#### Task to complete:
Nothing should appear in the answer except the lines from the one containing "Some of the words" through the end of the records below, written out exactly.

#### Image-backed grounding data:
....................

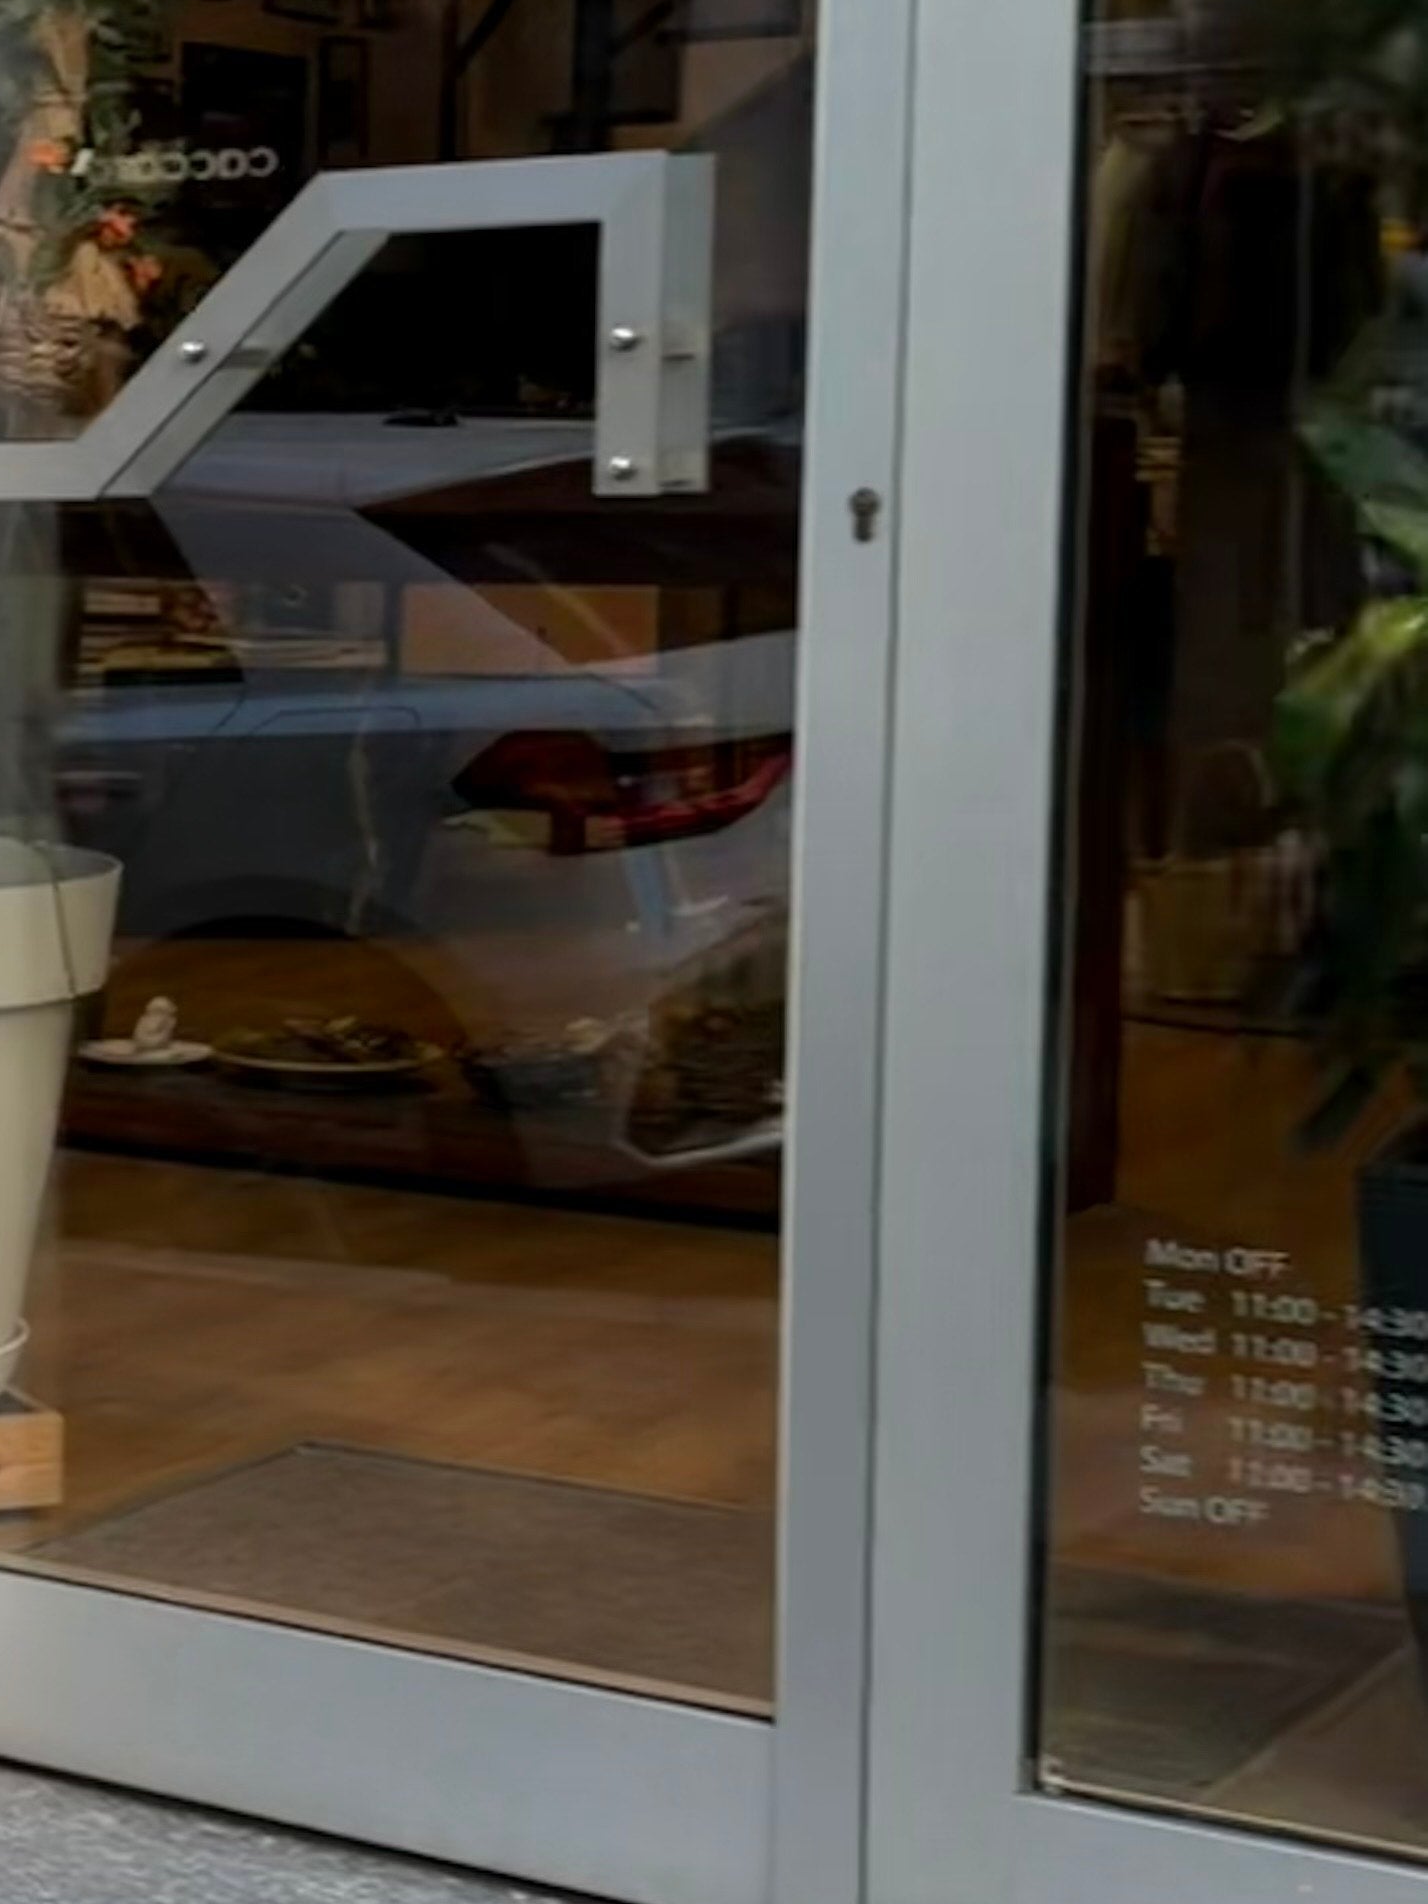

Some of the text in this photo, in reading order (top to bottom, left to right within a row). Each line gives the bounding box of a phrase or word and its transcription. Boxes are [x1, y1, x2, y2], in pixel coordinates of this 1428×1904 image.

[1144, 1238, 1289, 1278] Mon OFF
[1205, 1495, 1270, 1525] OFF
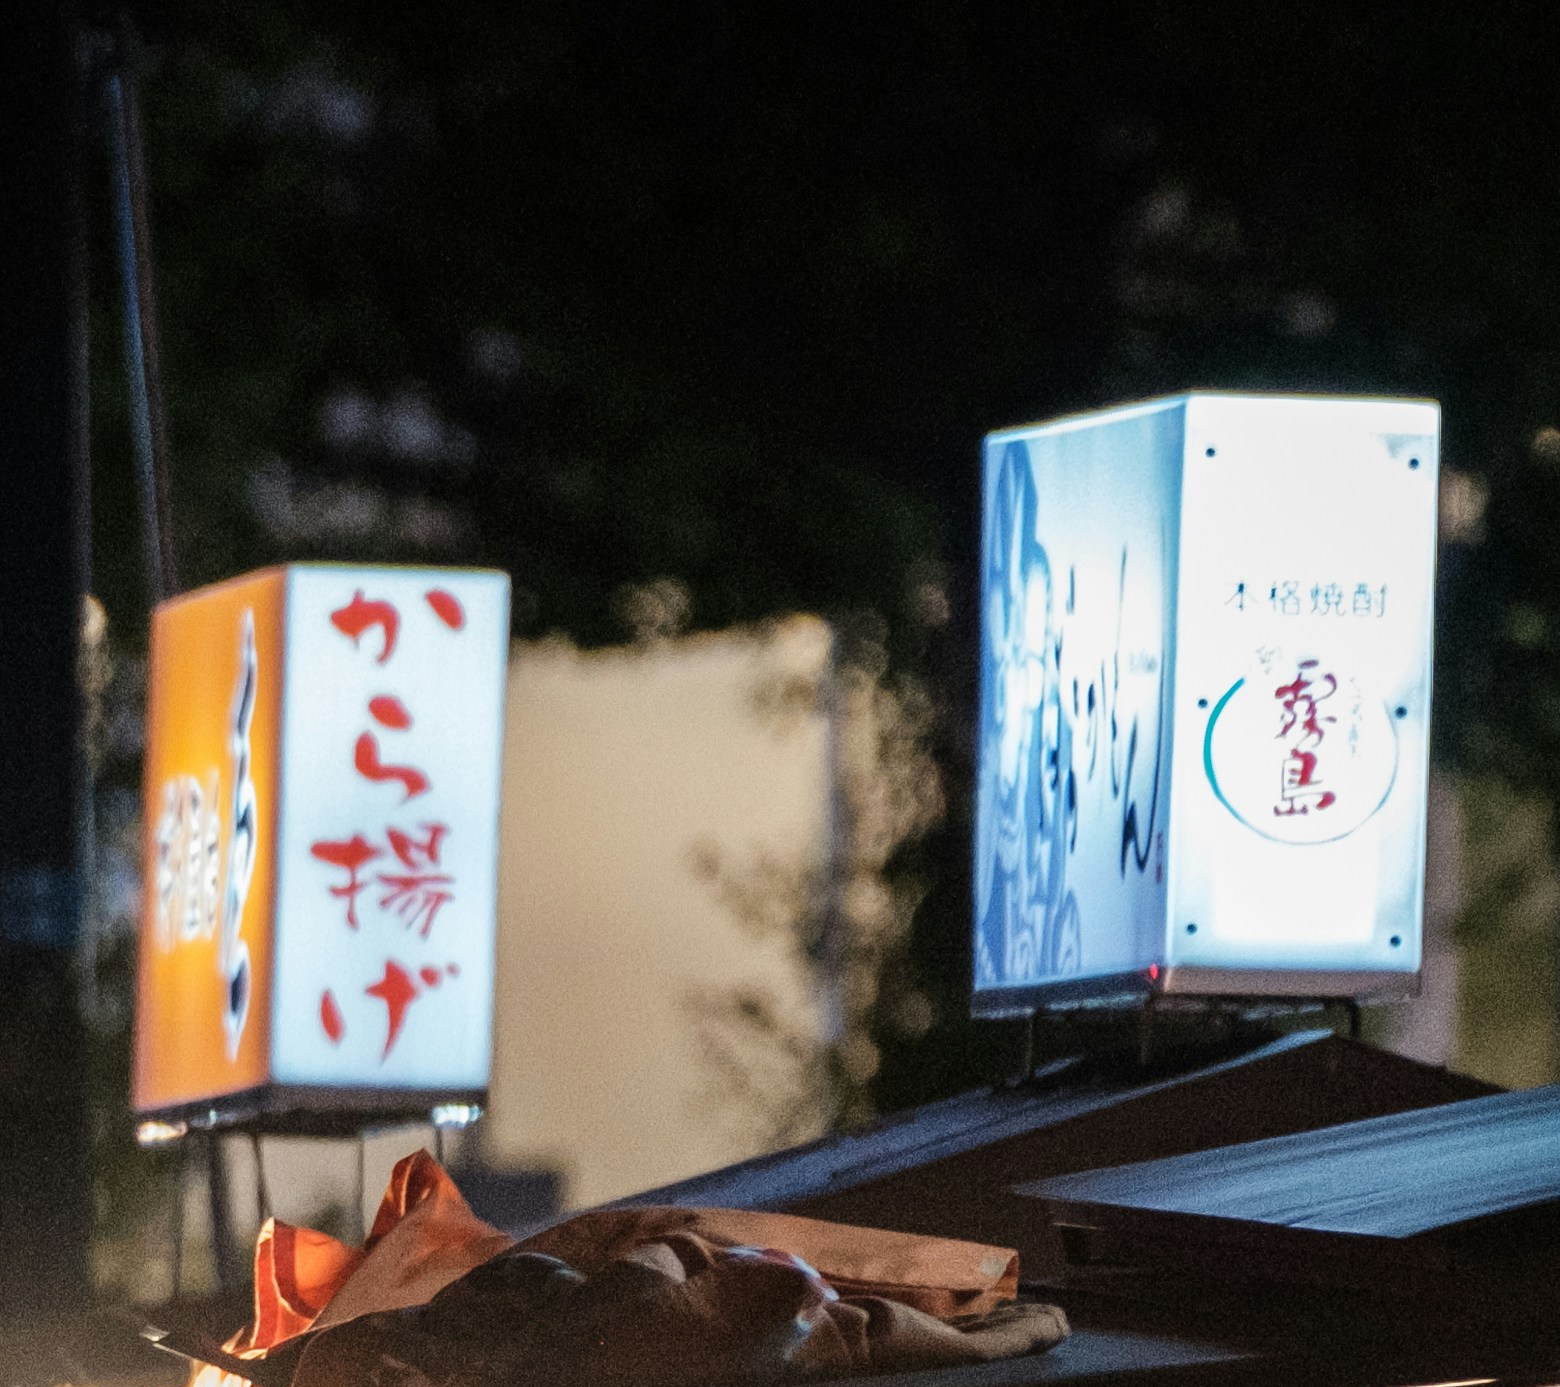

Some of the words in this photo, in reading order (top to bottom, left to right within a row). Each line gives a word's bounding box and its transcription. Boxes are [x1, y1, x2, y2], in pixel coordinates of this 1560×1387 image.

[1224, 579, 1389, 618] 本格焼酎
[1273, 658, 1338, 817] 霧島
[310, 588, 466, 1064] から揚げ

....................

#### Task answer:
Some of the words in this photo, in reading order (top to bottom, left to right within a row). Each line gives a word's bounding box and its transcription. Boxes are [x1, y1, x2, y2], in pixel coordinates of this 1560×1387 image.

[1224, 579, 1389, 618] 本格焼酎
[1273, 658, 1338, 817] 霧島
[310, 588, 466, 1064] から揚げ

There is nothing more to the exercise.